Content starts
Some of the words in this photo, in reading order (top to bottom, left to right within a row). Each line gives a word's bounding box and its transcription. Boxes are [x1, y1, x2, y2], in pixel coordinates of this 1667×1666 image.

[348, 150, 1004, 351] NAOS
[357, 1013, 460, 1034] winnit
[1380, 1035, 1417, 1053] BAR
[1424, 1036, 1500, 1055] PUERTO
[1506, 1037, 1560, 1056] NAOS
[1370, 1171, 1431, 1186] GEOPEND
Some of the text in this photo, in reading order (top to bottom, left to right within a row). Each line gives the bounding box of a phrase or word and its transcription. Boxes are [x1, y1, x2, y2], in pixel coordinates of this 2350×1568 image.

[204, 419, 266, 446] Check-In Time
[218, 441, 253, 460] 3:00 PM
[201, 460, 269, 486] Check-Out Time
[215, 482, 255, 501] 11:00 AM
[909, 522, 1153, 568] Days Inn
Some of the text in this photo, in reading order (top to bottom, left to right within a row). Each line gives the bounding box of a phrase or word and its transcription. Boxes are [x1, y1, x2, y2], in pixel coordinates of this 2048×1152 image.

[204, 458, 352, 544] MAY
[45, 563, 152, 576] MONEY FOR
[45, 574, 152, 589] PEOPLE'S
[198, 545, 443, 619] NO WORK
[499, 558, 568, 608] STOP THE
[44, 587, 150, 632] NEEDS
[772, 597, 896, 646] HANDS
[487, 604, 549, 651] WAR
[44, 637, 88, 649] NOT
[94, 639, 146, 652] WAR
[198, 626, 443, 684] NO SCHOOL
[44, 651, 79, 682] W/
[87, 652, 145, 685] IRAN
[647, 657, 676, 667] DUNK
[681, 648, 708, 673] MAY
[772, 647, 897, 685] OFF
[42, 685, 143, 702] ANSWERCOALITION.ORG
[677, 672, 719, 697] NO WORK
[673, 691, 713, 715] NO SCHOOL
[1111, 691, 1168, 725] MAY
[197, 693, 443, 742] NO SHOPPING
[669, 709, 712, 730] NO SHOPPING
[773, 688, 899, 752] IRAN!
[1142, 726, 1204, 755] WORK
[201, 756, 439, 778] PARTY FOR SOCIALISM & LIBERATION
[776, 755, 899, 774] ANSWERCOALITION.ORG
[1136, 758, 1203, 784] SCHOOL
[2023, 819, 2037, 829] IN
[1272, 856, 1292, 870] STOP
Content ends
WHAT THE TASK ASKS: Send back every line of the listing above exactly.

RESPONSE FOR THIS EXERCISE:
Some of the words in this photo, in reading order (top to bottom, left to right within a row). Each line gives a word's bounding box and its transcription. Boxes are [x1, y1, x2, y2], in pixel coordinates of this 1667×1666 image.

[348, 150, 1004, 351] NAOS
[357, 1013, 460, 1034] winnit
[1380, 1035, 1417, 1053] BAR
[1424, 1036, 1500, 1055] PUERTO
[1506, 1037, 1560, 1056] NAOS
[1370, 1171, 1431, 1186] GEOPEND
Some of the text in this photo, in reading order (top to bottom, left to right within a row). Each line gives the bounding box of a phrase or word and its transcription. Boxes are [x1, y1, x2, y2], in pixel coordinates of this 2350×1568 image.

[204, 419, 266, 446] Check-In Time
[218, 441, 253, 460] 3:00 PM
[201, 460, 269, 486] Check-Out Time
[215, 482, 255, 501] 11:00 AM
[909, 522, 1153, 568] Days Inn
Some of the text in this photo, in reading order (top to bottom, left to right within a row). Each line gives the bounding box of a phrase or word and its transcription. Boxes are [x1, y1, x2, y2], in pixel coordinates of this 2048×1152 image.

[204, 458, 352, 544] MAY
[45, 563, 152, 576] MONEY FOR
[45, 574, 152, 589] PEOPLE'S
[198, 545, 443, 619] NO WORK
[499, 558, 568, 608] STOP THE
[44, 587, 150, 632] NEEDS
[772, 597, 896, 646] HANDS
[487, 604, 549, 651] WAR
[44, 637, 88, 649] NOT
[94, 639, 146, 652] WAR
[198, 626, 443, 684] NO SCHOOL
[44, 651, 79, 682] W/
[87, 652, 145, 685] IRAN
[647, 657, 676, 667] DUNK
[681, 648, 708, 673] MAY
[772, 647, 897, 685] OFF
[42, 685, 143, 702] ANSWERCOALITION.ORG
[677, 672, 719, 697] NO WORK
[673, 691, 713, 715] NO SCHOOL
[1111, 691, 1168, 725] MAY
[197, 693, 443, 742] NO SHOPPING
[669, 709, 712, 730] NO SHOPPING
[773, 688, 899, 752] IRAN!
[1142, 726, 1204, 755] WORK
[201, 756, 439, 778] PARTY FOR SOCIALISM & LIBERATION
[776, 755, 899, 774] ANSWERCOALITION.ORG
[1136, 758, 1203, 784] SCHOOL
[2023, 819, 2037, 829] IN
[1272, 856, 1292, 870] STOP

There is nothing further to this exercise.